Key Experimental Results¶
Main Results¶
| Method | Prediction Type | Max F1-score |
|---|---|---|
| EquiSym | Segmentation | 22.5 |
| Ours | Detection | 33.2 |
Rotation vertex detection mAP:
| Method | mAP |
|---|---|
| 2D baseline | 24.7 |
| 3D baseline | 23.5 |
| Ours (3D + vertex recon.) | 30.6 |
Ablation Study¶
| Configuration | 3D query/pred. | vertex recon. | mAP |
|---|---|---|---|
| 2D baseline | ✗ | ✗ | 24.7 |
| 3D baseline | ✓ | ✗ | 23.5 |
| Full model | ✓ | ✓ | 30.6 |
Key Findings¶
- Simply introducing 3D predictions (3D baseline) result in a slightly lower mAP (by 1.2) compared to the 2D baseline, suggesting that 3D prediction without geometric constraints introduces projection noise and alignment issues.
- Integrating vertex reconstruction increases the mAP from 23.5 to 30.6 (+7.1), proving that explicitly modeling 3D geometric constraints is key to performance improvement.
- Performance is highest on the C8 group (AP 46.7), whereas C3 and C6 groups have lower AP due to a smaller number of test samples.
- 3D visualization demonstrates that the model correctly captures the depth arrangement and spacing of rectangular structures.
Highlights & Insights¶
- The concept of "reconstructing instead of predicting vertices" is highly clever.
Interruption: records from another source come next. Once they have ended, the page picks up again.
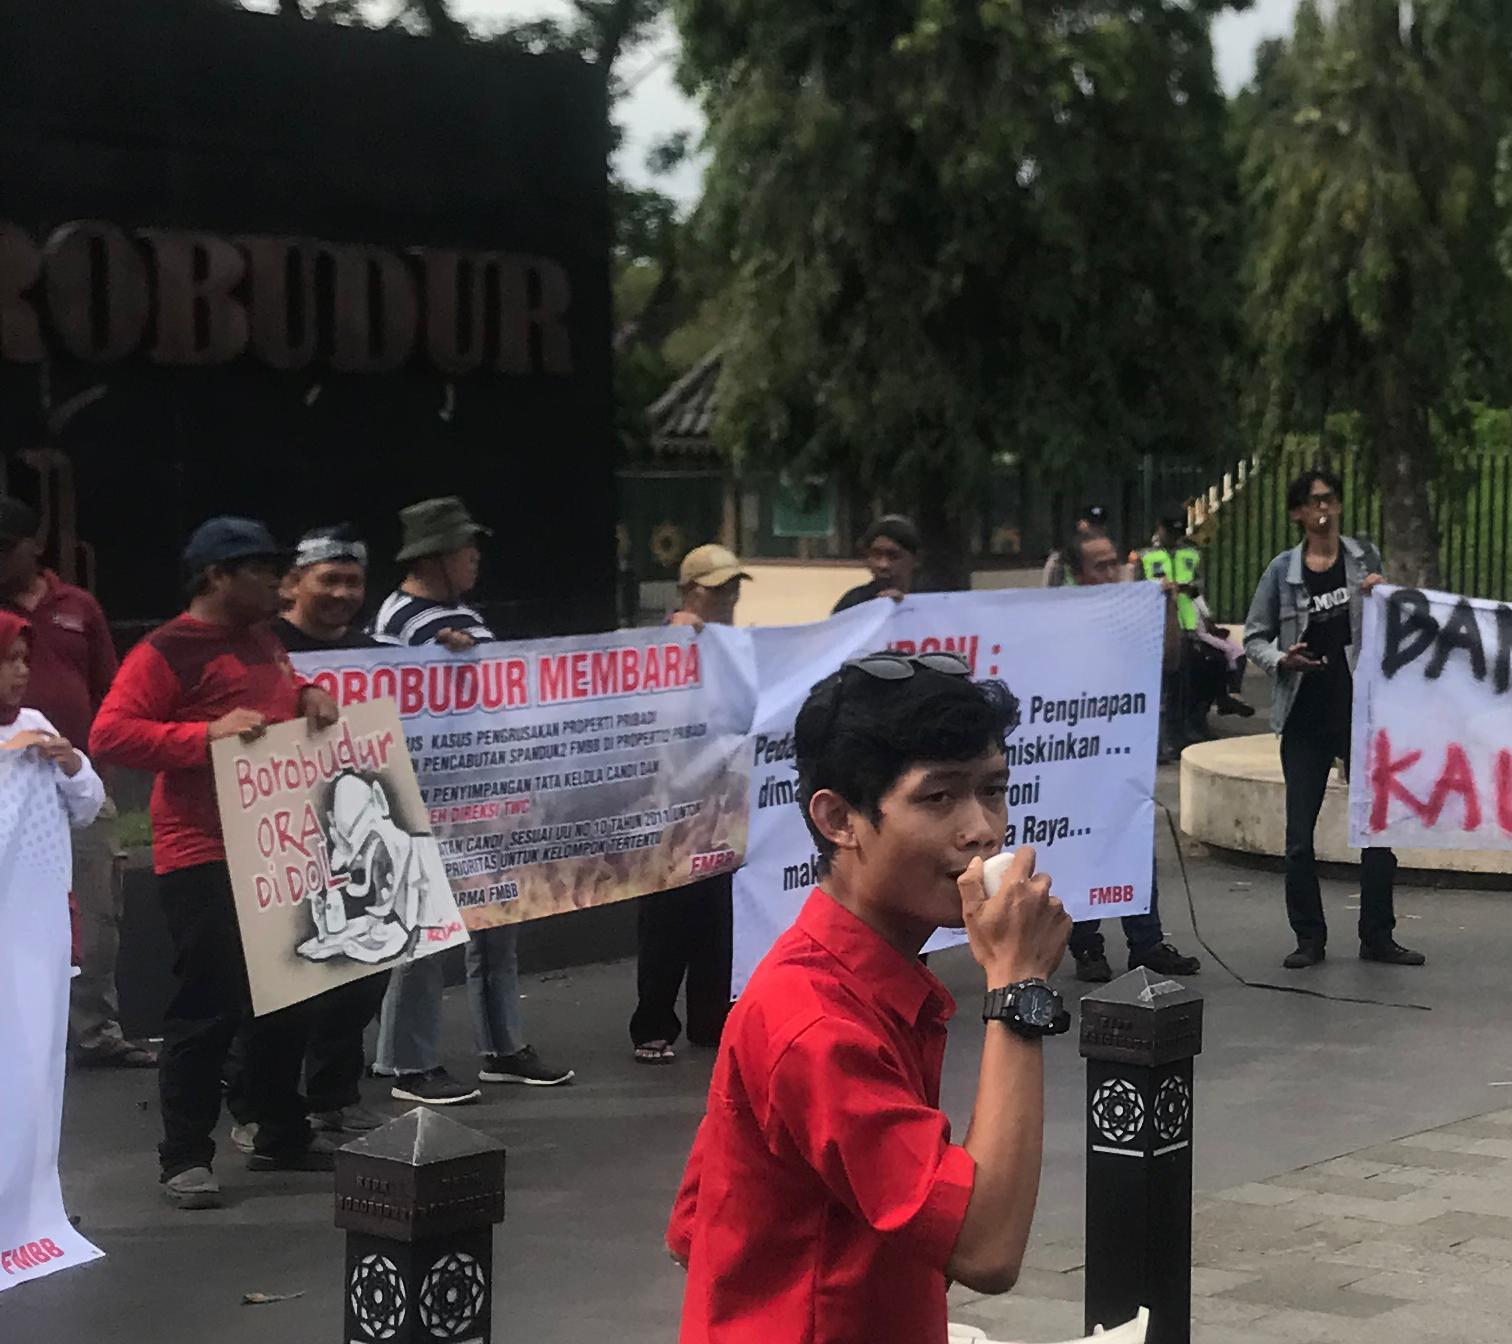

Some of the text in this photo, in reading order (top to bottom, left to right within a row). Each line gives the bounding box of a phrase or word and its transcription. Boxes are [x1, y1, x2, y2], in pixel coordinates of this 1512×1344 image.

[539, 644, 701, 704] MEMBARA
[1029, 692, 1146, 727] Penginapan
[432, 732, 473, 750] KASUS
[477, 722, 559, 746] PENGRUSAKAN
[563, 715, 613, 735] PROPERTI
[236, 720, 394, 809] Borobudur
[423, 751, 506, 772] PENCABUTAN
[570, 738, 600, 755] FMBB
[433, 777, 532, 803] PENYIMPANGAN
[535, 772, 561, 792] TATA
[564, 768, 604, 788] KELOLA
[607, 764, 638, 782] CANDI
[451, 803, 500, 822] DIREKSI
[257, 803, 327, 859] ORA
[466, 833, 504, 853] CANDI
[1022, 815, 1091, 847] Raya...
[445, 854, 499, 878] PRIORITAS
[500, 847, 538, 869] UNTUK
[542, 840, 604, 862] KELOMPOK
[489, 882, 519, 902] FMBB
[1088, 885, 1134, 906] FMBB
[1, 1238, 64, 1275] FMBB
By utilizing parameterization (seed point + rotation axis + symmetry group) instead of point-by-point regression, geometric constraints are hard-coded into the network architecture, preventing predictions that violate physical laws. This "structured output" design can be transferred to any detection task requiring geometric constraints.
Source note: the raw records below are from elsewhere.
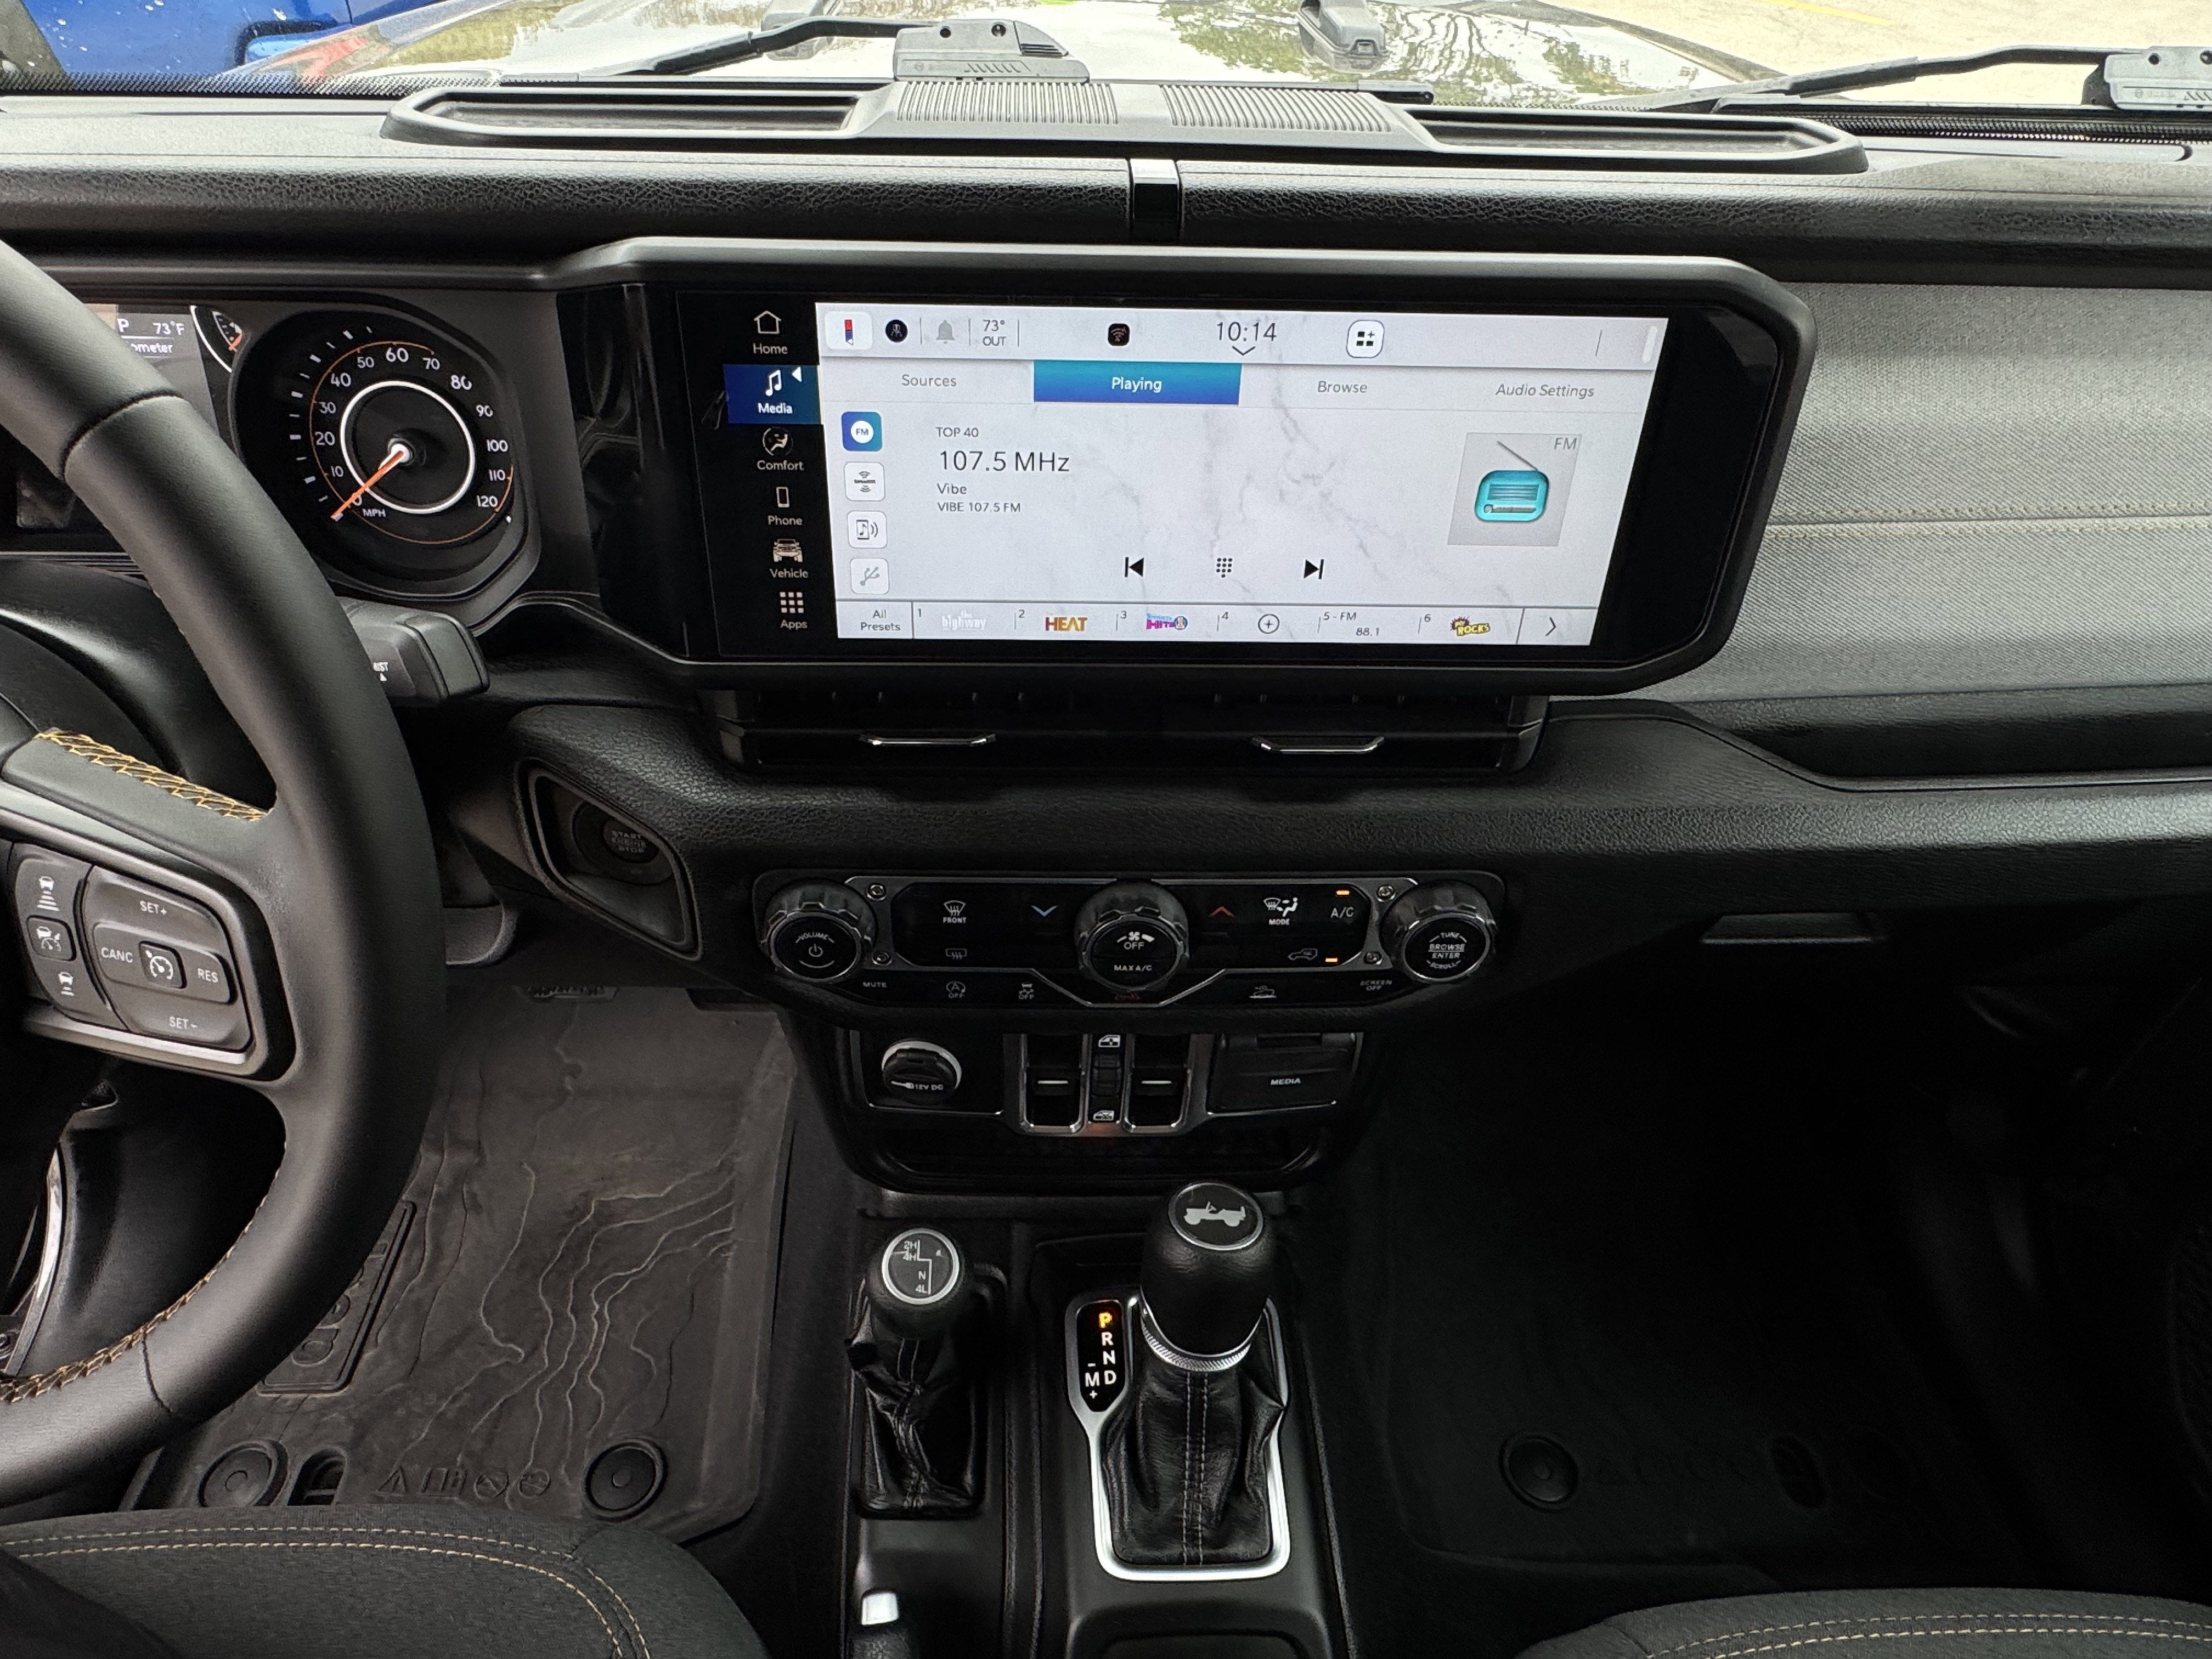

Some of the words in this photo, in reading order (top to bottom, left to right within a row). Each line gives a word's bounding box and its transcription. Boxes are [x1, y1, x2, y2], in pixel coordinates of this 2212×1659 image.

[117, 318, 129, 332] P
[983, 319, 1005, 332] 73°
[1217, 322, 1277, 342] 10:14
[983, 336, 1006, 347] OUT
[753, 343, 788, 354] Home
[385, 348, 409, 363] 60
[357, 357, 375, 368] 50
[422, 357, 440, 370] 70
[331, 373, 351, 387] 40
[450, 375, 472, 391] 80
[901, 375, 957, 387] Sources
[1111, 376, 1162, 392] Playing
[1318, 381, 1367, 393] Browse
[1496, 383, 1536, 396] Audio
[1539, 385, 1594, 399] Settings
[319, 402, 336, 414] 30
[476, 405, 493, 417] 90
[758, 403, 793, 414] Media
[314, 432, 335, 445] 20
[935, 427, 961, 437] TOP
[964, 427, 979, 438] 40
[486, 439, 508, 452] 100
[1554, 437, 1577, 450] FM
[757, 460, 804, 471] Comfort
[940, 450, 1007, 472] 107.5
[1015, 452, 1070, 472] MHz
[331, 466, 343, 477] 10
[488, 470, 505, 481] 110
[937, 483, 967, 495] Vibe
[476, 495, 498, 507] 120
[938, 502, 964, 512] VIBE
[969, 502, 1000, 512] 107.5
[1003, 503, 1021, 512] FM
[363, 508, 386, 517] MPH
[768, 515, 803, 526] Phone
[770, 568, 809, 579] Vehicle
[872, 609, 887, 619] All
[918, 608, 922, 617] 1
[1019, 610, 1025, 618] 2
[1120, 611, 1127, 619] 3
[1221, 611, 1228, 620] 4
[1323, 612, 1330, 620] 5
[1340, 612, 1357, 620] FM
[1424, 614, 1431, 622] 6
[780, 620, 808, 630] Apps
[860, 622, 901, 631] Presets
[1045, 617, 1088, 631] HEAT
[1356, 628, 1379, 636] 88.1
[1330, 907, 1354, 919] A/C
[101, 947, 133, 964] CANC
[198, 968, 218, 983] RES
[904, 1240, 917, 1250] 2H
[918, 1271, 926, 1280] N
[915, 1284, 928, 1294] 4L
[1098, 1312, 1112, 1328] P
[1102, 1332, 1113, 1346] R
[1103, 1351, 1116, 1364] N
[1085, 1372, 1099, 1387] M
[1104, 1371, 1117, 1385] D
- Scaling up from 2D detection to 3D and then projecting back. While seemingly increasing problem complexity, it actually enables the model to leverage stronger constraints (equal edges and angles in 3D space), presenting an elegant workaround to the difficulty of enforcing constraints in 2D.
- The camera queries design draws inspiration from BEV perception, importing 3D perception technologies from autonomous driving into symmetry detection, showcasing a great example of cross-domain technology transfer.
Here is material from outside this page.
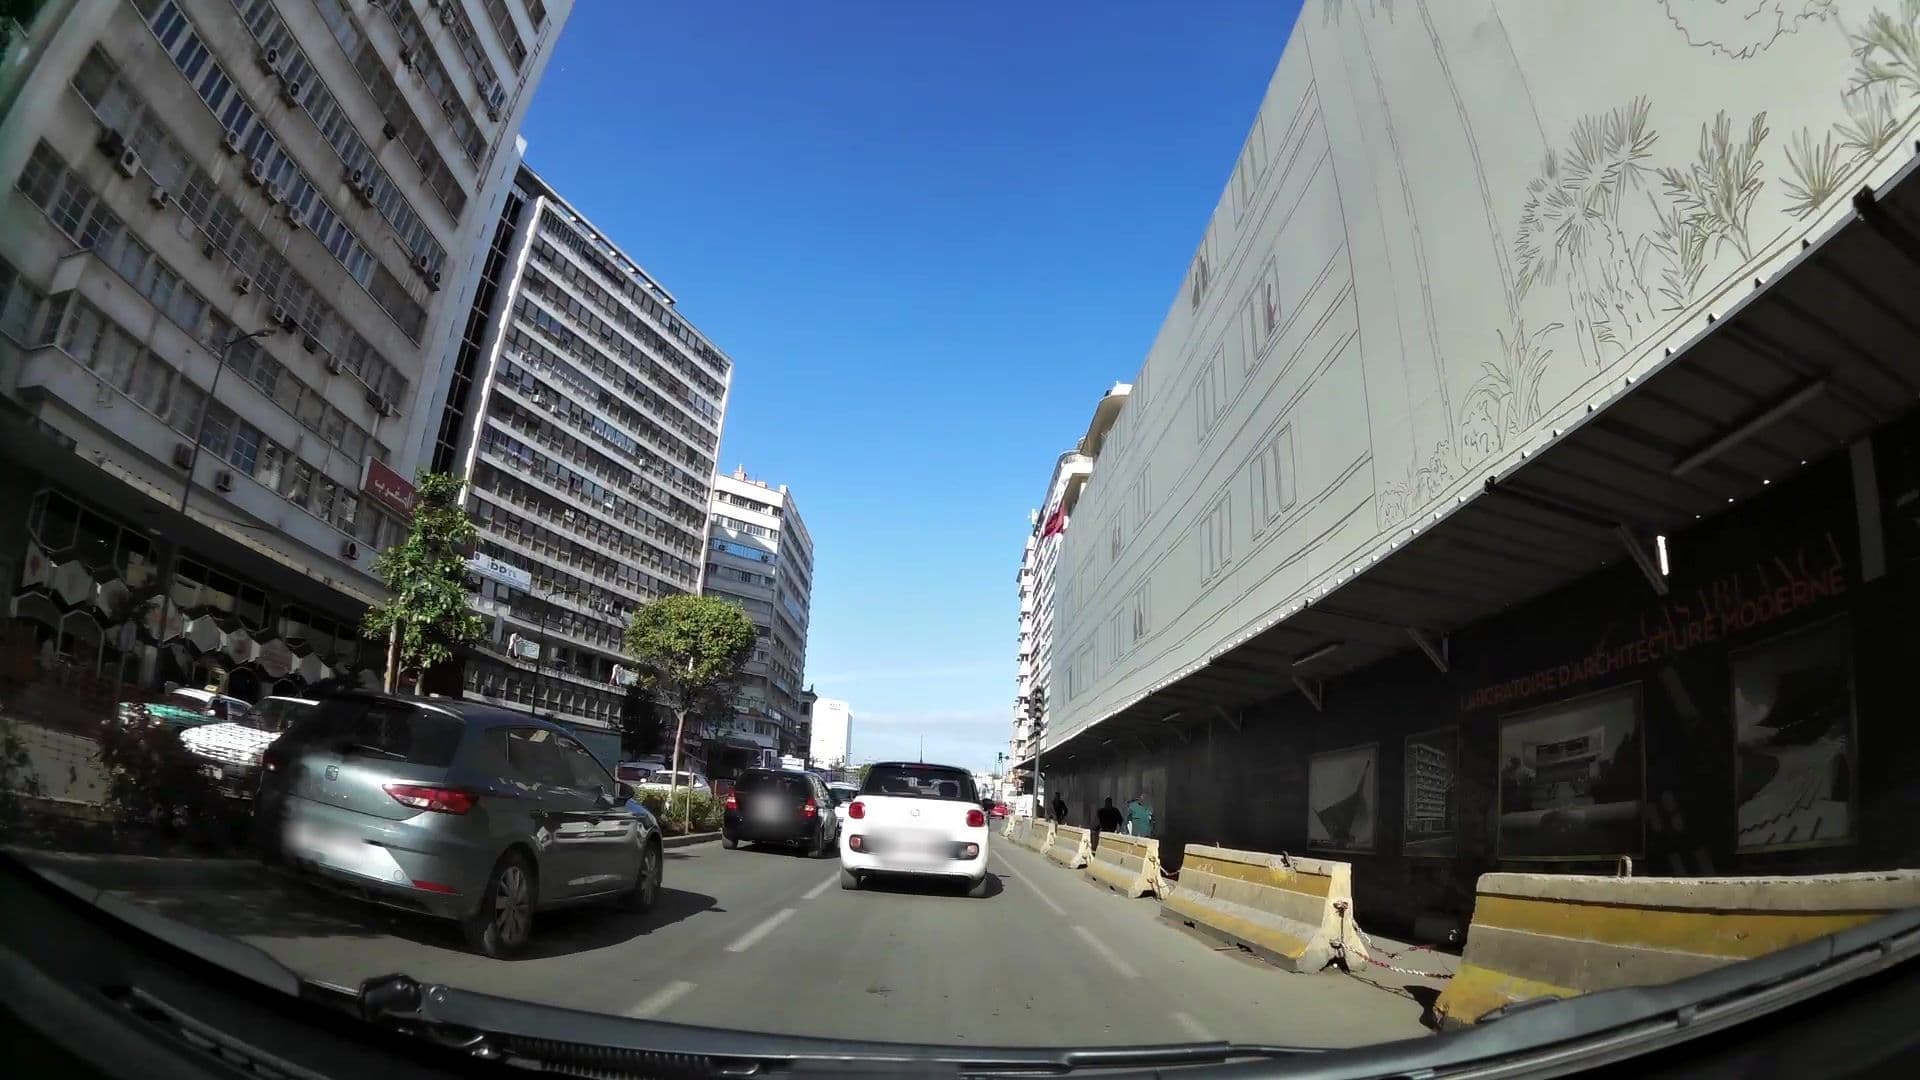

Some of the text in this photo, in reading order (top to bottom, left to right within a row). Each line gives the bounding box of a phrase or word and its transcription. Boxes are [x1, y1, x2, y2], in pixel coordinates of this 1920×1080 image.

[1460, 670, 1556, 711] LABORATOIRE
[1558, 615, 1716, 687] D'ARCHITECTURE
[1720, 567, 1847, 635] MODERNE
Limitations & Future Work¶
- The DENDI dataset is small (1459 training images), with highly imbalanced categories, and very few samples for groups like C3/C6 resulting in low AP.
- It assumes known or fixed camera intrinsic parameters (focal length set to 1000), which may not apply to uncalibrated scenes; the authors suggest predicting camera intrinsics as a future direction.
- Evaluation is limited to a single dataset, lacking cross-dataset generalization validation.
- Failures in estimating the rotation axis still occur under extreme perspective changes.
- Future work could extend this approach to reflection symmetry detection or integrate it with instance segmentation for a more complete understanding of symmetry.
Related Work & Insights¶
- vs EquiSym: EquiSym is dynamic-CNN-based and outputs segmentation heatmaps to detect rotation centers, failing to predict vertices and symmetry groups, with heatmaps requiring post-processing. This work utilizes a DETR detection framework to directly predict structured outputs, enabling individual symmetry analysis.
- vs Traditional Methods (SIFT-based): Traditional methods rely on handcrafted feature matching to find periodic signals, showing poor robustness in real-world scenarios. This model learns end-to-end and enhances robustness to perspective variations through 3D priors.
- vs DETR3D/BEVFormer: This work borrows the concepts of camera-centric queries and spatial cross-attention from 3D object detection, showing that the BEV perception technology stack has the potential to transfer to more geometry-aware tasks.
Rating¶
- Novelty: ⭐⭐⭐⭐ First to introduce 3D geometric priors to 2D rotation symmetry detection; the vertex reconstruction idea is highly innovative.
- Experimental Thoroughness: ⭐⭐⭐ Validated on only one relatively small dataset.
- Writing Quality: ⭐⭐⭐⭐ Clear method descriptions and complete mathematical derivations.
- Value: ⭐⭐⭐⭐ Insightful for the symmetry detection field, though the application domain is somewhat specialized.